Before my change, it fails with a linker error saying it can't find
`llama_model_n_head_kv` because /usr/lib appears in the search path
before the directory that contains the libllama.so that was built
internally by the crate. This is because cpal depends on alsa-sys which
uses pkg-config which adds /usr/lib to the search path before the
llama-cpp-sys-2 build.rs is run.
### Additional information
I'm not sure how to add tests so open to some help on that. I wanted to
make sure that this approach is even correct. I coded this to change
Cargo minimally and defensively since I don't know the internals of
Cargo very well (e.g. I don't know if I have to compare against both
`script_out_dir` / `script_out_dir_when_generated` since I don't know
the difference & there's not really any explanation on what they are).
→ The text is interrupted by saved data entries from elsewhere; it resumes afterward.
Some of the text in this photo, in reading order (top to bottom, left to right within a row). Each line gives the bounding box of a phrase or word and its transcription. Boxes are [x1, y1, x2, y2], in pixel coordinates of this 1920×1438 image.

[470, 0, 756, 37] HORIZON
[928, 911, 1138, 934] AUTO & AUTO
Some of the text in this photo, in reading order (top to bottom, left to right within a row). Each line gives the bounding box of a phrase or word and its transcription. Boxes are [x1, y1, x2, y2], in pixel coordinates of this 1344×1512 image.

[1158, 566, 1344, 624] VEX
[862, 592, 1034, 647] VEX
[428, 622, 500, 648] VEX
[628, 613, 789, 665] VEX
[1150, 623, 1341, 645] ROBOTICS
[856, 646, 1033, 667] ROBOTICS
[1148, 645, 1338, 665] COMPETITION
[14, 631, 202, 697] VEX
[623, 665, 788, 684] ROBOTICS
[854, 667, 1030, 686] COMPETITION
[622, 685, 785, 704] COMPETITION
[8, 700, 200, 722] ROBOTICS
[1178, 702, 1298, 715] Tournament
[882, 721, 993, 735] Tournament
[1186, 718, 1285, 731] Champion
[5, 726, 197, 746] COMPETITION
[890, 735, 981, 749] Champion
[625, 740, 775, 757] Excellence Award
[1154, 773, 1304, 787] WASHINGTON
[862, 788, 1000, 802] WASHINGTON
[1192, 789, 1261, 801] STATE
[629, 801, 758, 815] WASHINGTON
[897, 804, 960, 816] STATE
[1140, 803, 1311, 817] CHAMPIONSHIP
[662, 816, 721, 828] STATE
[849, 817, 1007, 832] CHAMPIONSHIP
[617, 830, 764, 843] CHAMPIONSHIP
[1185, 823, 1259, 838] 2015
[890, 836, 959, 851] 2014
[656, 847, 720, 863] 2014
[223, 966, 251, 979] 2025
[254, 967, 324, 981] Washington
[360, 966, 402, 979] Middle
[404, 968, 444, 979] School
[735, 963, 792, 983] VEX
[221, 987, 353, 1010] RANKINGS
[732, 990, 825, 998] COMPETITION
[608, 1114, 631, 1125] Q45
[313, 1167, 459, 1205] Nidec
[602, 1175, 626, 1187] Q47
It's possible this over-complicates the implementation so open to any
feedback. Additionally, the sort that happens prior to each build up of
the rustc environment is not where I'd ideally place it. I think it
would be more efficient to have the list of search paths be
free-floating and not tied to a BuildOutput so that they could be kept
updated live & resorted only on insertion (since it's changed less
frequently than rustc is invoked). Additionally, the generalized sort is
correct but pessimistic - maintaining the list sorted could be done
efficiently with some minor book keeping (i.e. you'd only need to sort
the new paths & then could quickly inject into the middle of a
VecDeque).
And of course in terms of correctness, I didn't do a thorough job
testing across all possible platforms. From first principles this seems
directionally correct but it's always possible this breaks someone
else's workflow. I'm also uneasy that the relative position of `-L` /
`-l` arguments changes in this PR & I'm not sure if that's observable
behavior or not (i.e. it used to be -L for a crate followed by `-l` for
a crate), but now it's `-L` for all crates, still grouped by crated
internally, followed by `-l` by crate).